A federal judge presiding over the case of an alleged bomb-maker from Montevideo has ruled that prosecutors can't use some of the defendant's statements at trial because FBI agents went too far in their initial questioning of the suspect.
Buford ``Bucky'' Rogers was arrested in May in what the FBI called ``a terror plot.'' He was indicted on four felony charges, including three counts of possessing homemade bombs. He is scheduled to go to trial Jan. 13.
FBI agents had questioned Rogers before advising him of his right to remain silent. While that's allowed in cases where there's an imminent threat to public safety, U.S. District Judge Ann Montgomery said Friday the agents' line of questioning was unrelated to public safety, the St. Paul Pioneer Press reported.

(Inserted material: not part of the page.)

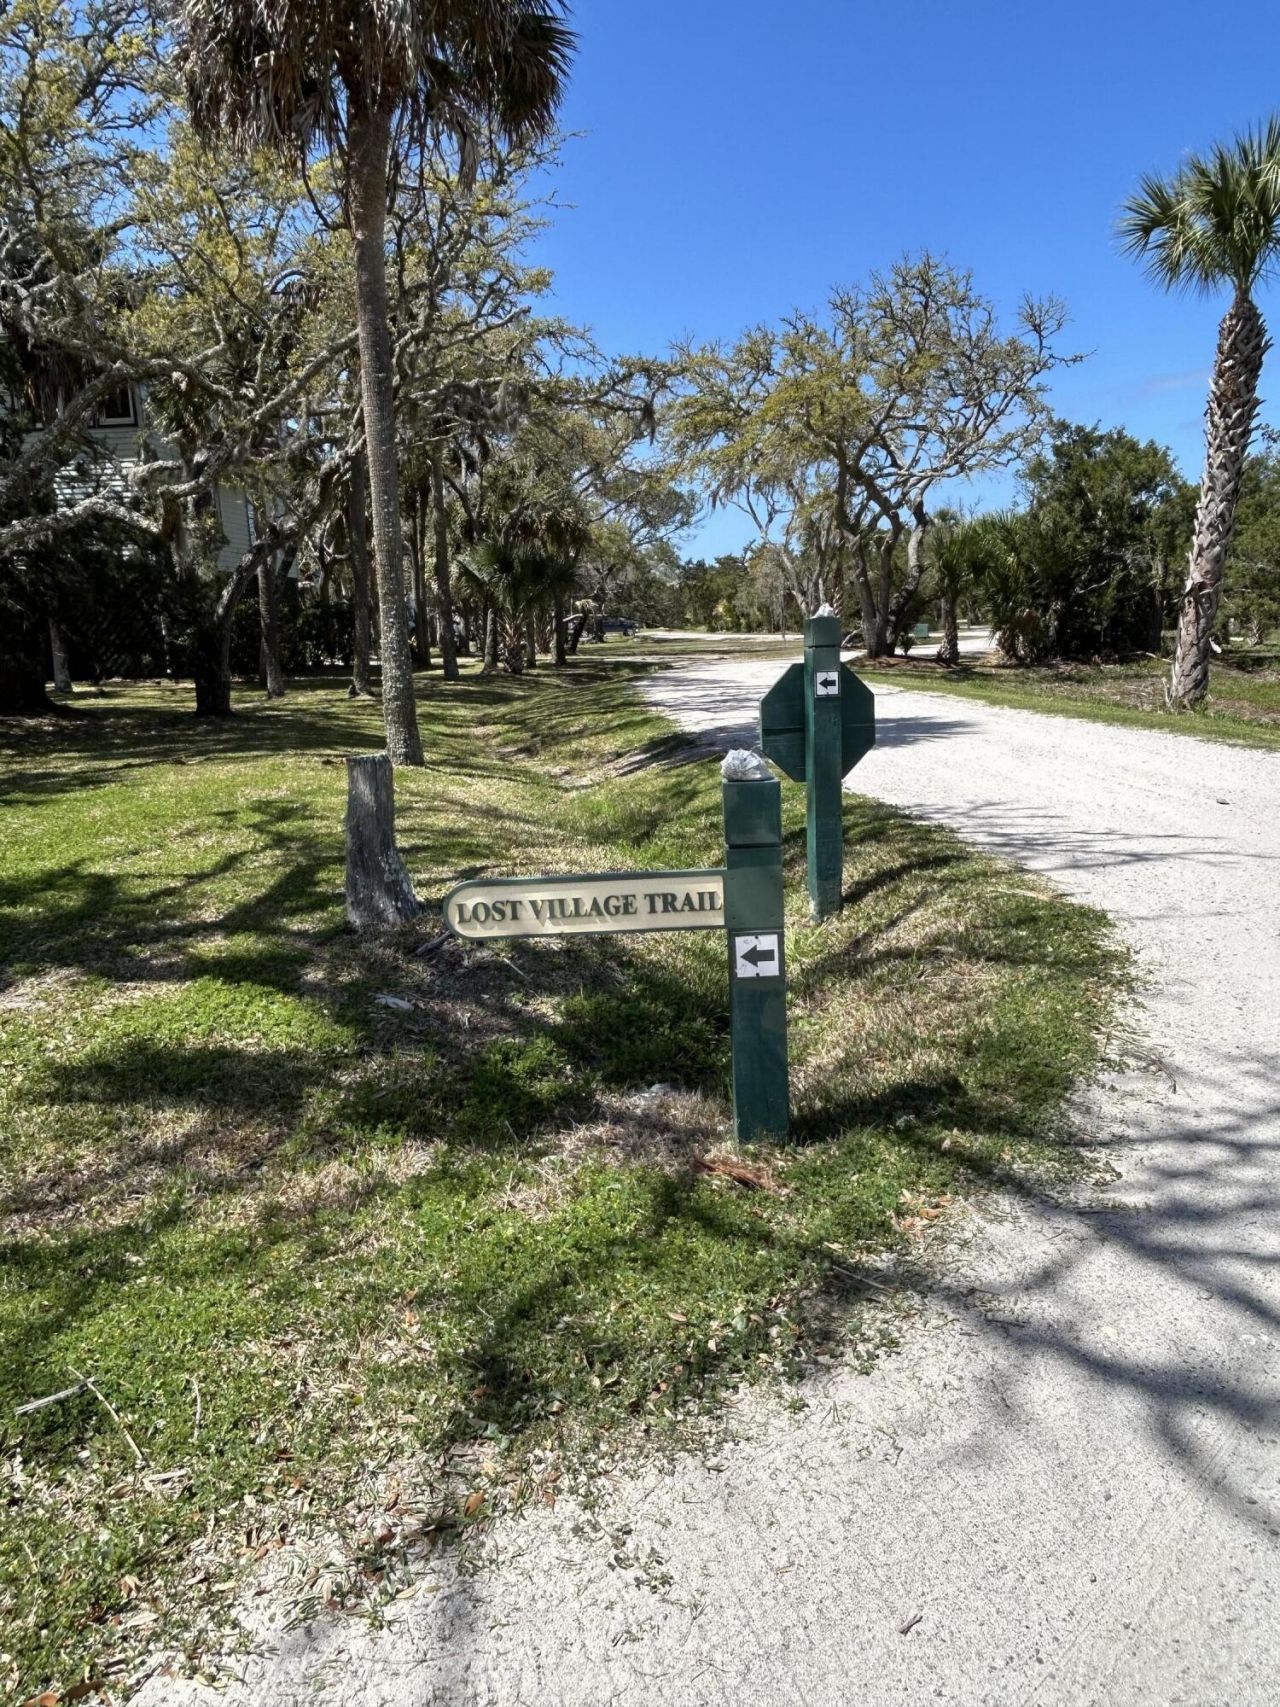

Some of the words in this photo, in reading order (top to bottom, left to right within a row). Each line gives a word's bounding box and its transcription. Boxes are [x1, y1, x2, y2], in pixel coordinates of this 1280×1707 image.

Agents asked Rogers, who turned 25 on Friday, about guns he allegedly had in his possession despite a previous felony conviction for burglary that barred him from owning firearms. The questioning came after agents had already seized the weapons.
``This line of questioning cannot reasonably be found to be motivated by exigent circumstance or the public safety,'' Montgomery wrote. ``... The firearms had been secured and all persons found at the search site had been detained.''
Rogers was arrested May 3, the same day authorities said they found two Molotov cocktails, a pipe bomb and two black powder-and-nails devices when they raided his parents' mobile home.
The government accuses Rogers of being part of a tiny militia plotting to blow up Montevideo's police station and raid a National Guard armory.
However, Rogers was not charged with terrorism-related offenses. Rogers' public defender has said his client wanted to protect the country from a violent Mexican drug cartel he believed had moved into the area.
Agents had questioned Rogers for about 40 minutes before advising him he had a right to remain silent and a right to a lawyer. Rogers waived the rights and kept talking.